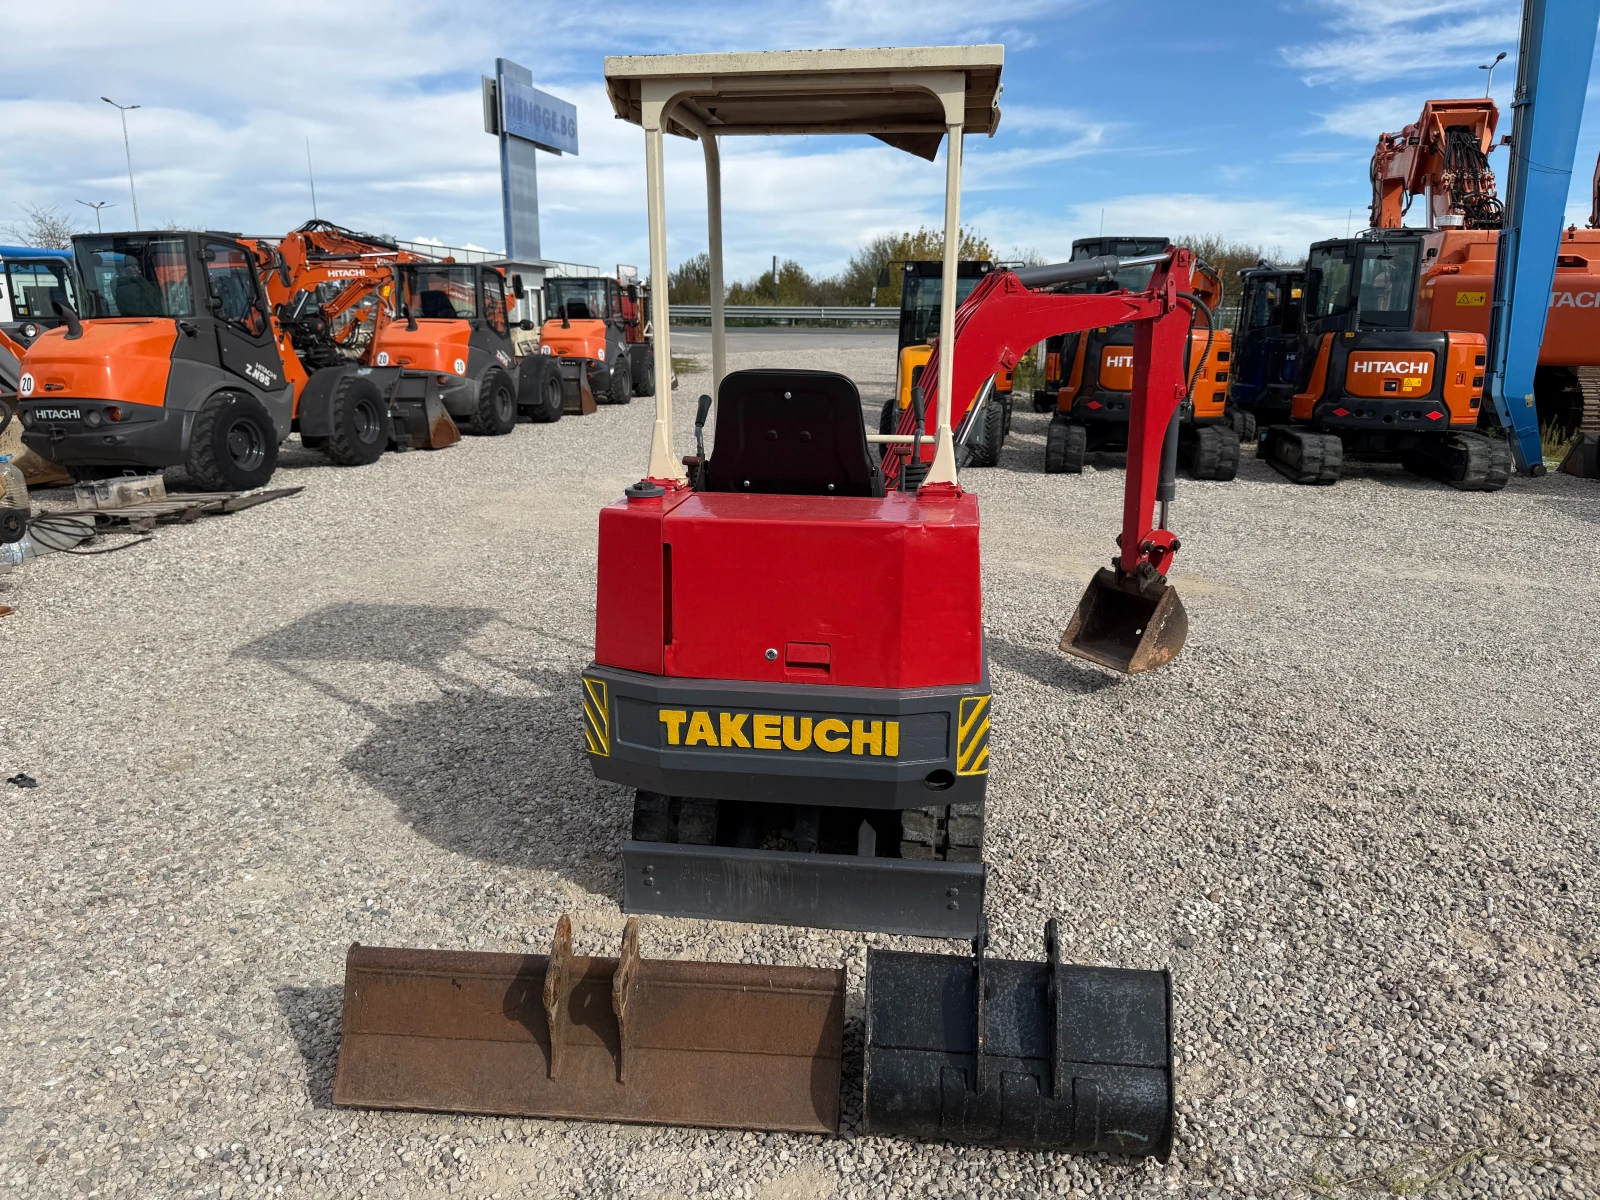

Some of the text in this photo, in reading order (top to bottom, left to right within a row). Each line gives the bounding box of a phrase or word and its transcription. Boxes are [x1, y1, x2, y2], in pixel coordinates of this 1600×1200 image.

[327, 269, 366, 278] HITACHI
[379, 354, 387, 364] 20
[255, 362, 277, 380] HITACHI
[1354, 361, 1428, 374] HITACHI
[22, 377, 32, 391] 20
[35, 409, 80, 419] HITACHI
[659, 709, 899, 757] TAKEUCHI
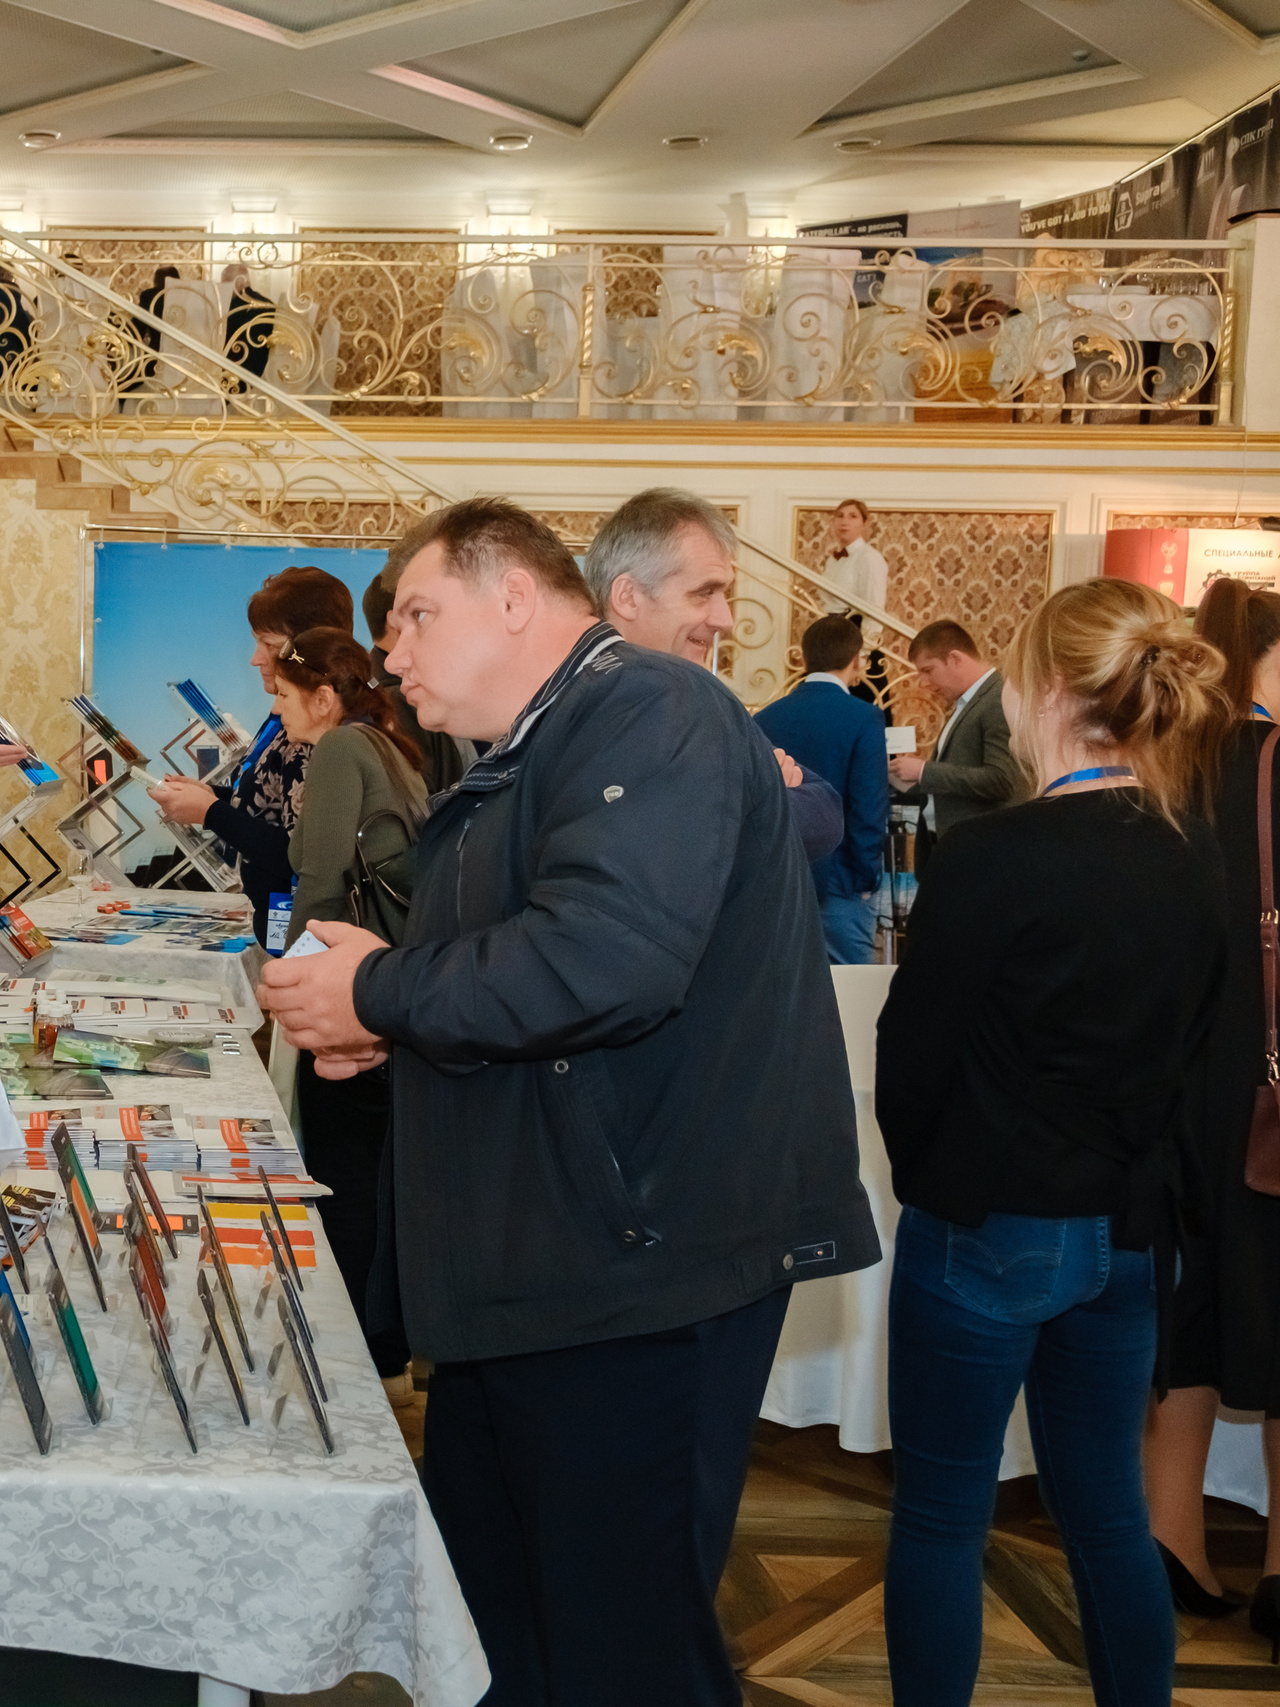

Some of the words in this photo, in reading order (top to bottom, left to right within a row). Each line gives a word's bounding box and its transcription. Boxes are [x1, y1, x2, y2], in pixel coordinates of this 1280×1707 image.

[1047, 215, 1063, 227] GOT
[1063, 214, 1070, 223] A
[1071, 210, 1086, 222] JOB
[1088, 206, 1098, 217] TO
[1204, 549, 1273, 558] СПЕЦИАЛЬНЫЕ

================================

| Work item |
Print exactly the lines of the records from the one containing "Some of the words" through the end, and nothing besides them.

| Result for this task |
Some of the words in this photo, in reading order (top to bottom, left to right within a row). Each line gives a word's bounding box and its transcription. Boxes are [x1, y1, x2, y2], in pixel coordinates of this 1280×1707 image.

[1047, 215, 1063, 227] GOT
[1063, 214, 1070, 223] A
[1071, 210, 1086, 222] JOB
[1088, 206, 1098, 217] TO
[1204, 549, 1273, 558] СПЕЦИАЛЬНЫЕ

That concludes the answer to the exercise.